§ Activity
Reproduce verbatim only the lines from the one containing "Some of the words" through the last line below, both included.

Free-text object descriptions:
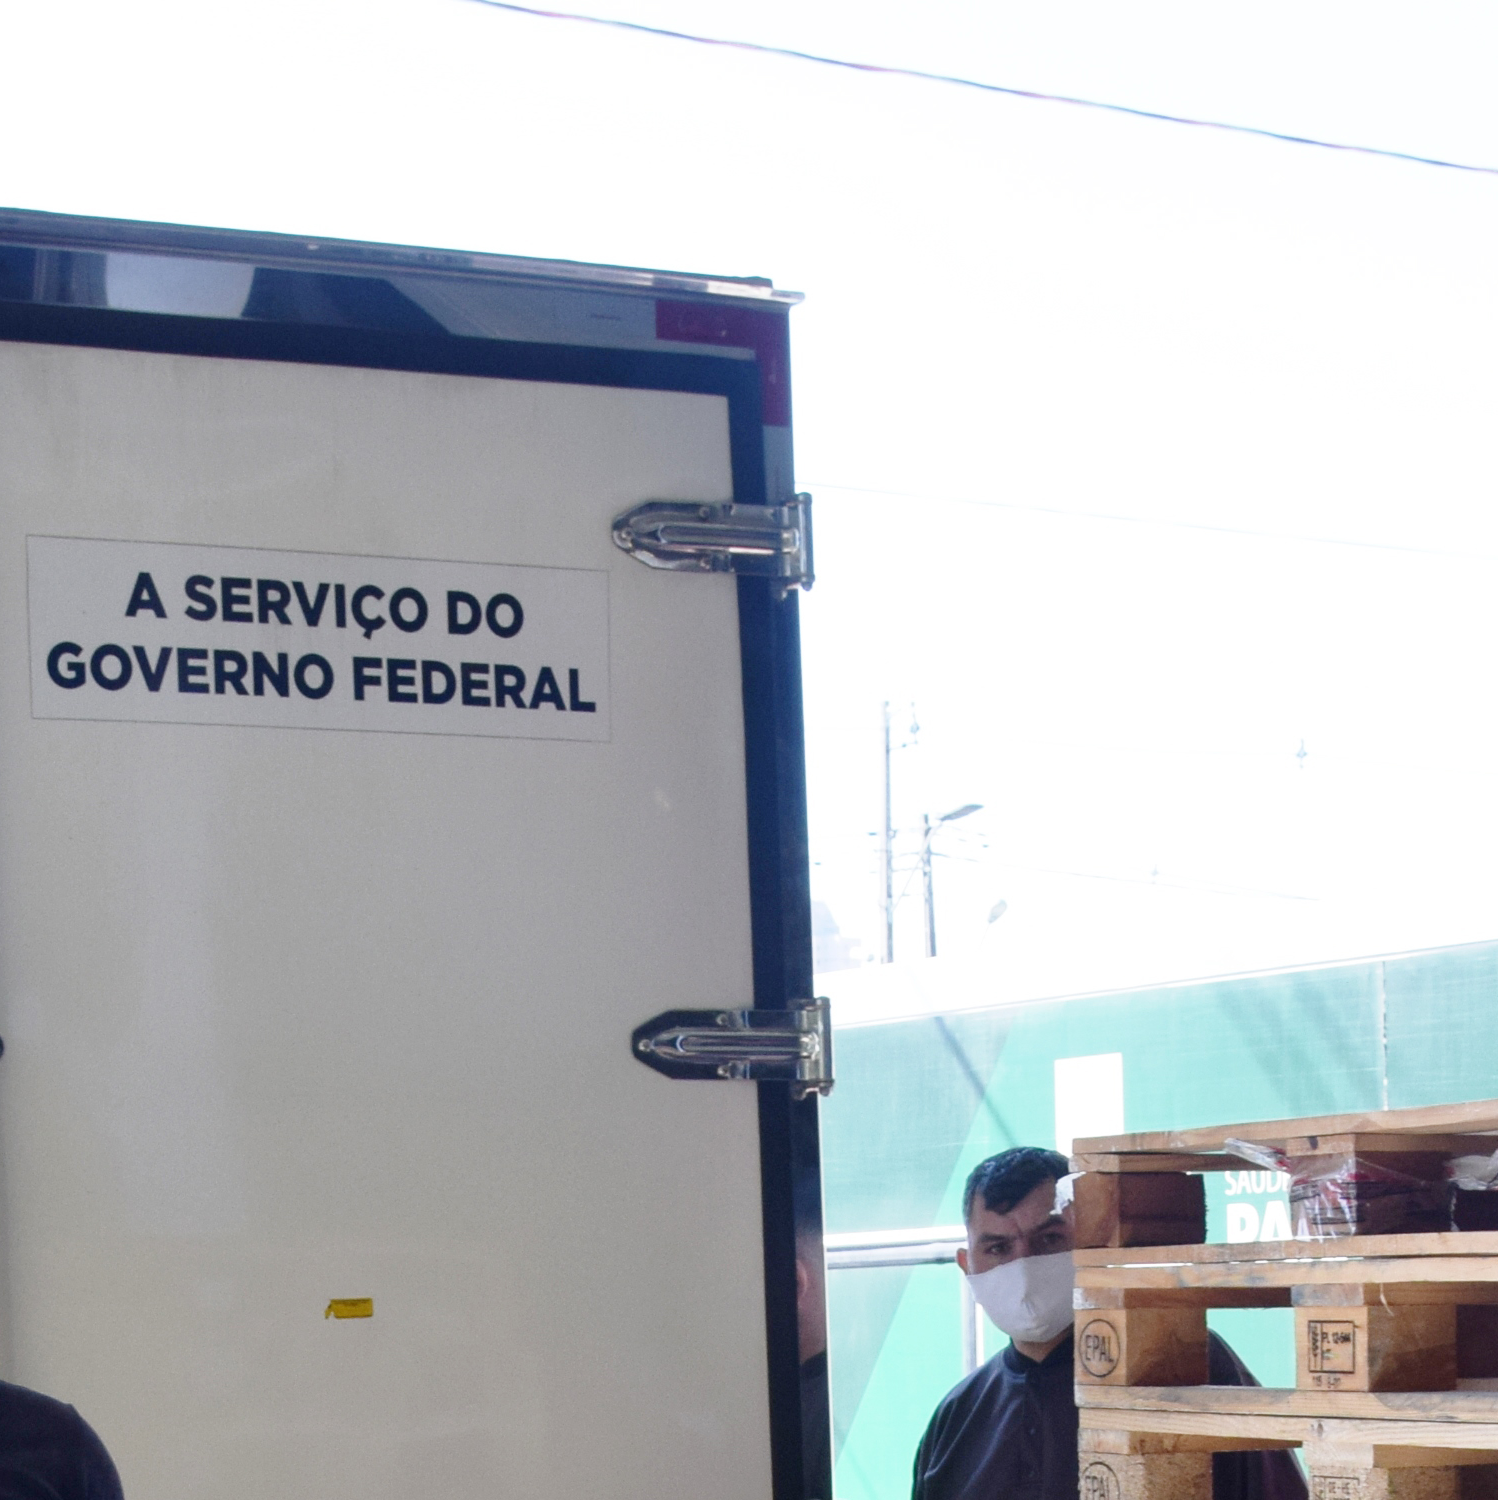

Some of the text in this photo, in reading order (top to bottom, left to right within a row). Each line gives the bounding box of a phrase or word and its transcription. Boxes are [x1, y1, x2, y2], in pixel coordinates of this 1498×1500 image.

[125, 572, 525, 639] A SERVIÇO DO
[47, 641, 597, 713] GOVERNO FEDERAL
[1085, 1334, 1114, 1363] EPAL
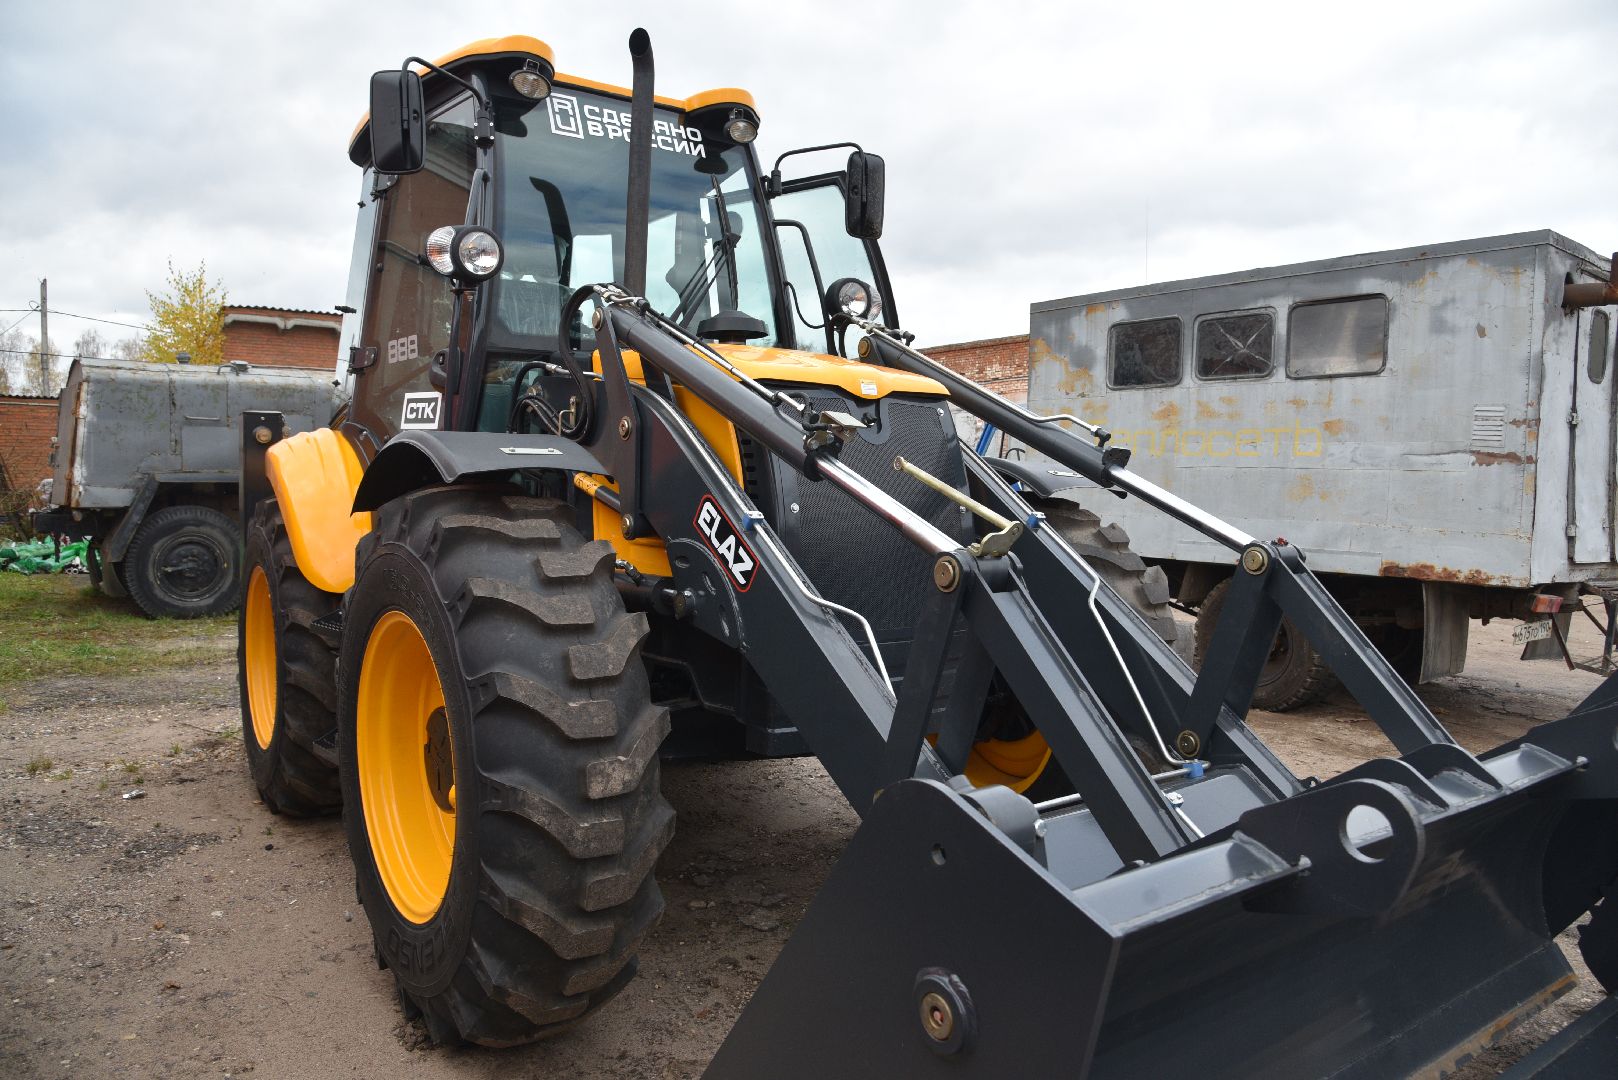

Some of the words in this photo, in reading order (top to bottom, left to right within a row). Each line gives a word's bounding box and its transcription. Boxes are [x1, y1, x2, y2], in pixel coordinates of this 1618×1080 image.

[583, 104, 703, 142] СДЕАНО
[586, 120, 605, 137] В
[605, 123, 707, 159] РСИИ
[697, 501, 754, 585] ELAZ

§ Answer for the task
Some of the words in this photo, in reading order (top to bottom, left to right within a row). Each line gives a word's bounding box and its transcription. Boxes are [x1, y1, x2, y2], in pixel coordinates of this 1618×1080 image.

[583, 104, 703, 142] СДЕАНО
[586, 120, 605, 137] В
[605, 123, 707, 159] РСИИ
[697, 501, 754, 585] ELAZ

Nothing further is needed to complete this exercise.